*** Begin section ***

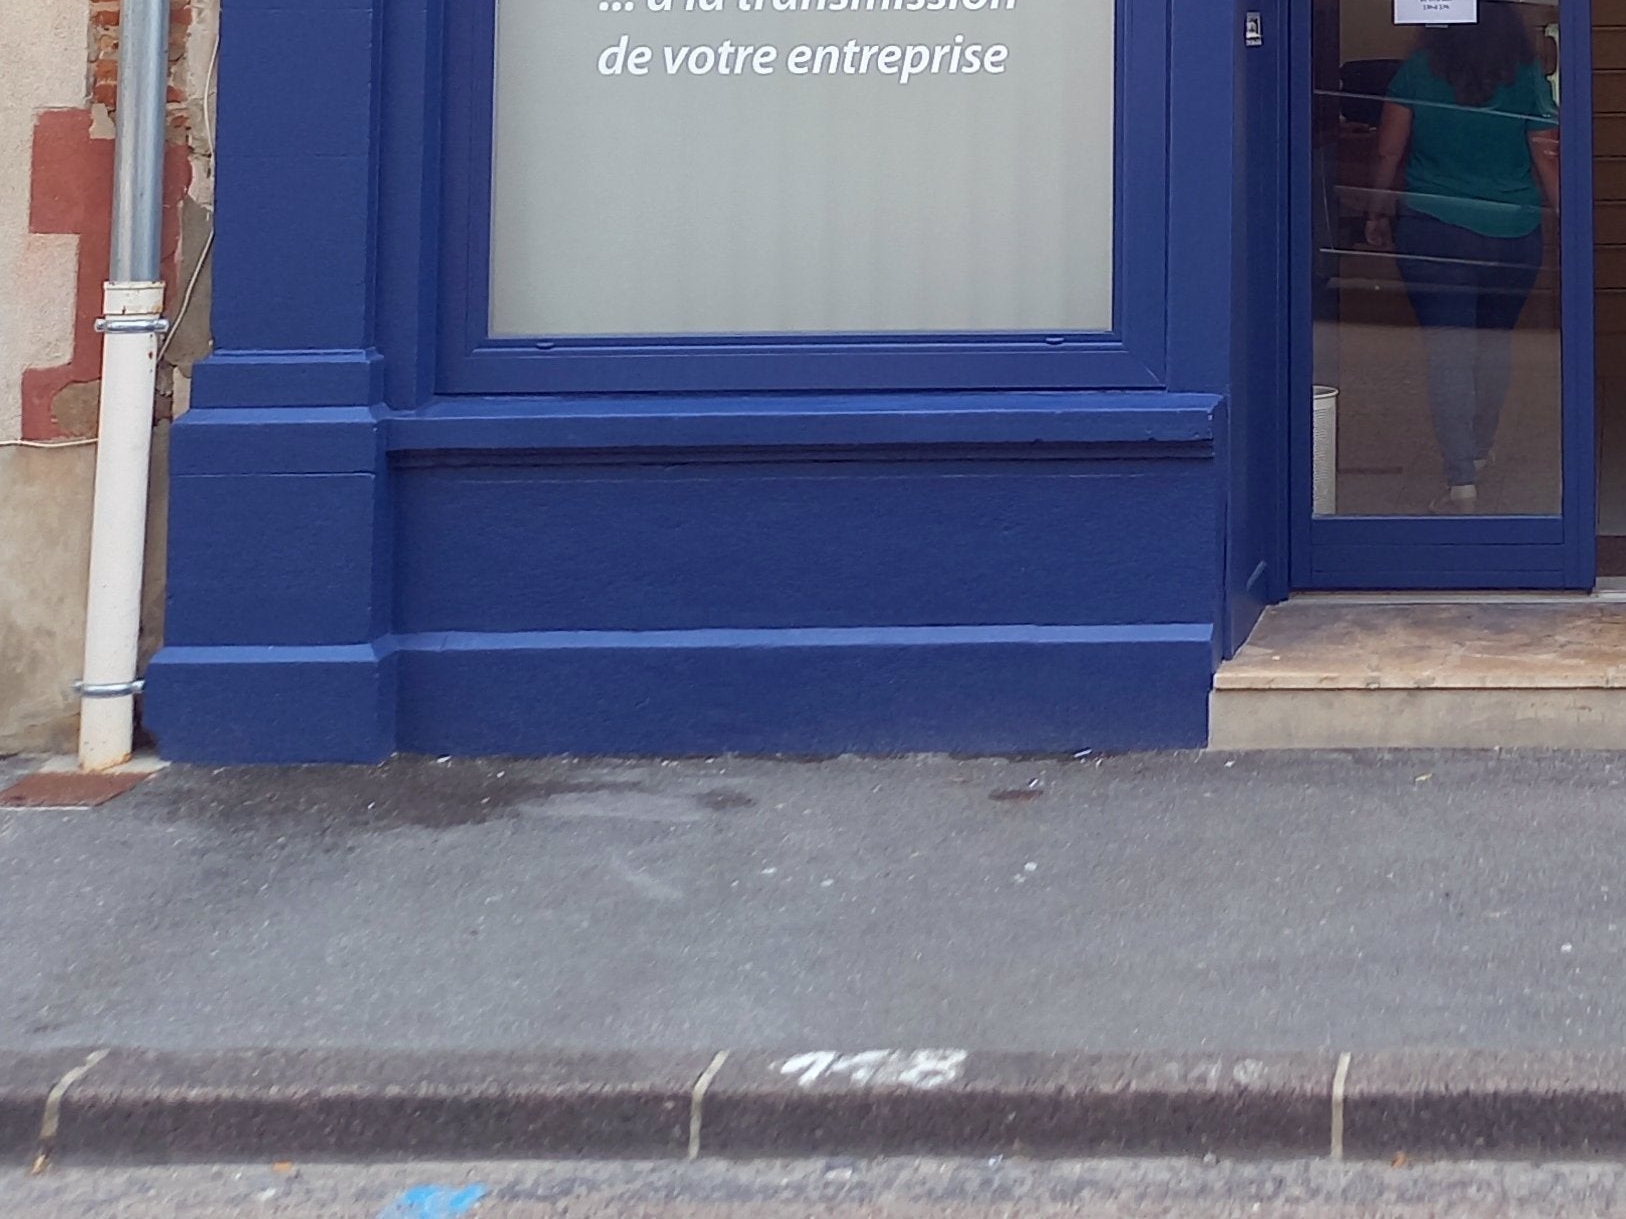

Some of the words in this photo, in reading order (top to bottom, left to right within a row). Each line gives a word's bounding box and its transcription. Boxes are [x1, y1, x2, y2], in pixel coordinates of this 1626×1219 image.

[598, 0, 635, 13] ...
[597, 34, 653, 76] de
[663, 39, 778, 76] votre
[786, 33, 1009, 85] entreprise
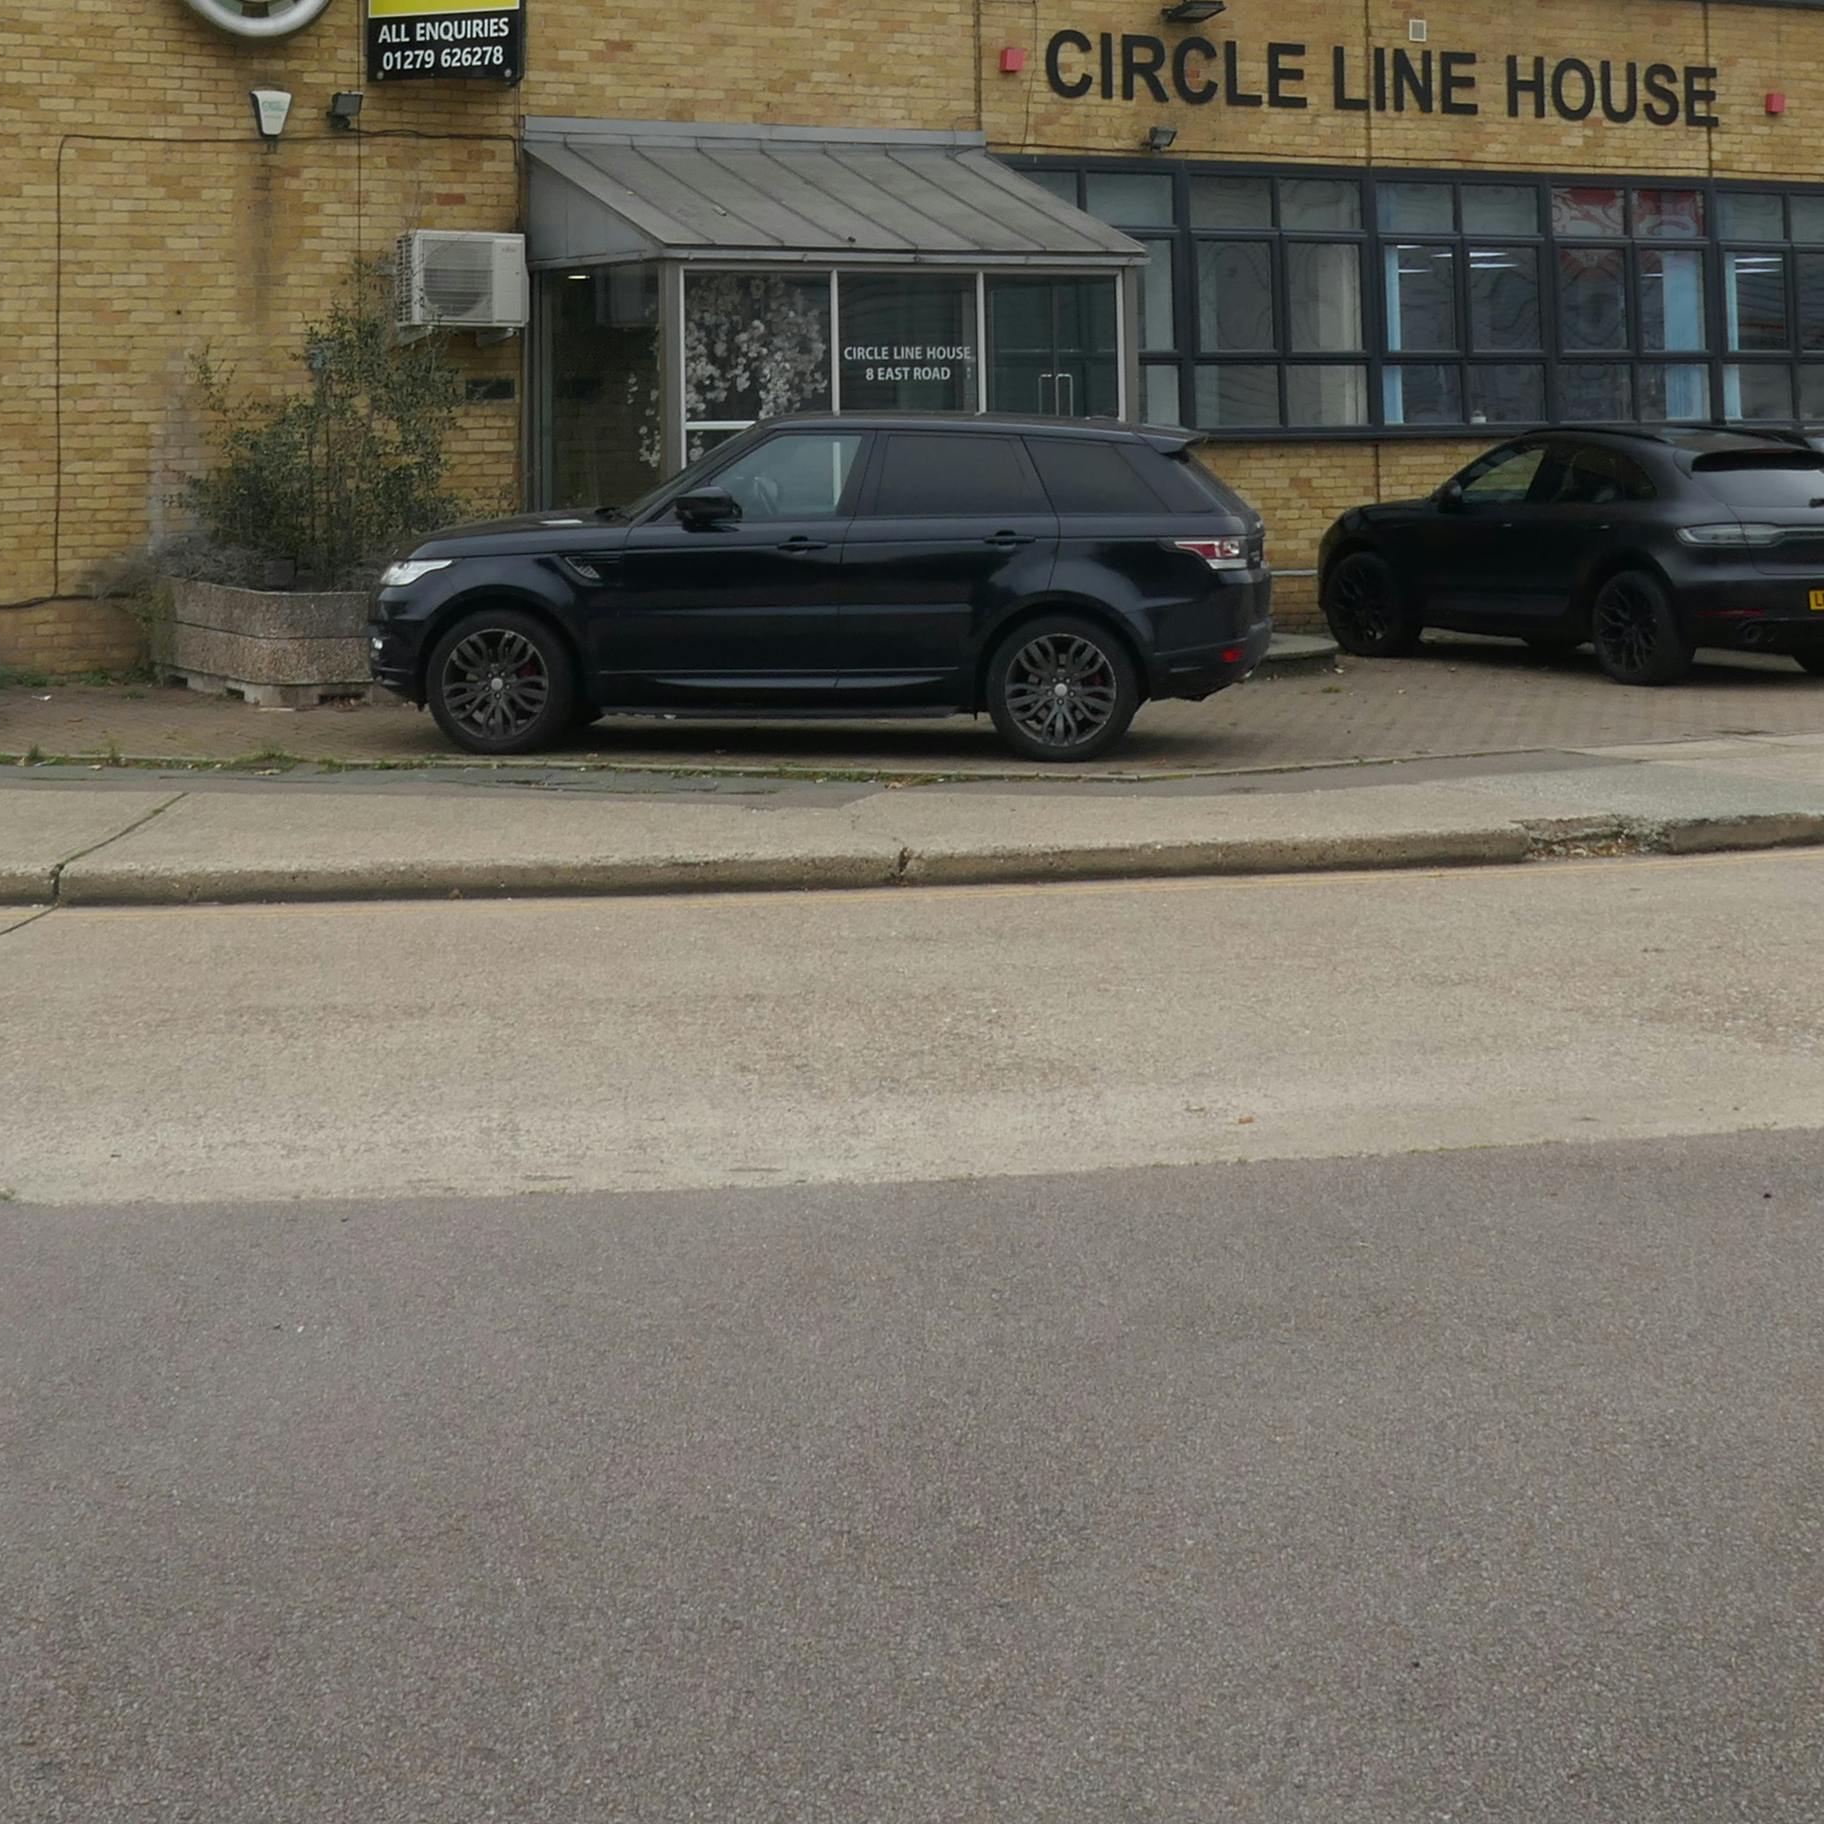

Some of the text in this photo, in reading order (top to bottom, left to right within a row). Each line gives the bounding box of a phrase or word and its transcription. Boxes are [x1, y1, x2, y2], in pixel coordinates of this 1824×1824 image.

[378, 17, 509, 44] ALL ENQUIRIES
[382, 45, 504, 70] 01279 626278
[1045, 29, 1719, 127] CIRCLE LINE HOUSE
[844, 346, 971, 360] CIRCLE LINE HOUSE
[865, 367, 951, 381] 8 EAST ROAD
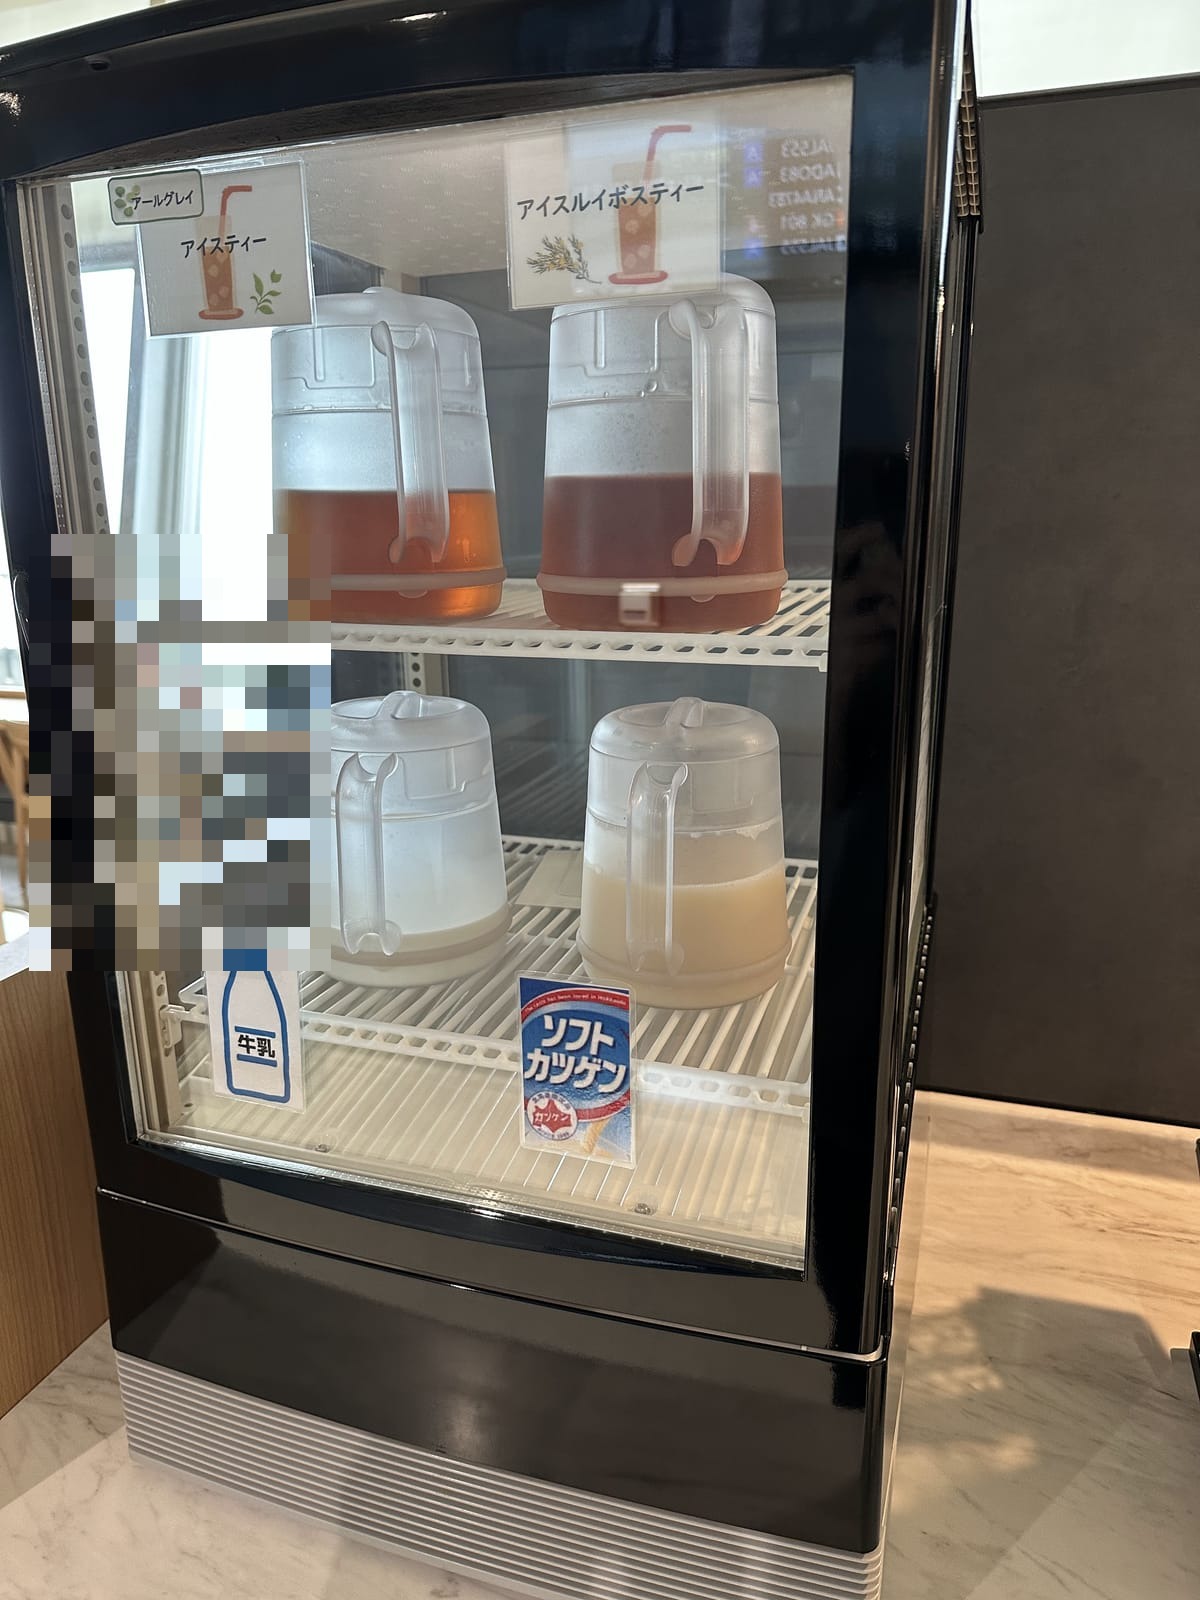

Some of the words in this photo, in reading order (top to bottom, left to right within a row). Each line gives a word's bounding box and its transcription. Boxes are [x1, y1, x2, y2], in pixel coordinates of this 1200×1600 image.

*** End section ***

> Required action:
All that should appear in the response is the run of lines from the one with "Some of the text" through the final line of the records, restated exactly, with pictures omitted.

> Response:
Some of the text in this photo, in reading order (top to bottom, left to right within a row). Each line gives the bounding box of a phrase or word and its transcription. Boxes are [x1, y1, x2, y2], in pixel coordinates of this 1824×1824 image.

[378, 17, 509, 44] ALL ENQUIRIES
[382, 45, 504, 70] 01279 626278
[1045, 29, 1719, 127] CIRCLE LINE HOUSE
[844, 346, 971, 360] CIRCLE LINE HOUSE
[865, 367, 951, 381] 8 EAST ROAD

Some of the words in this photo, in reading order (top to bottom, left to right within a row). Each line gives a word's bounding box and its transcription. Boxes are [x1, y1, x2, y2], in pixel coordinates of this 1200×1600 image.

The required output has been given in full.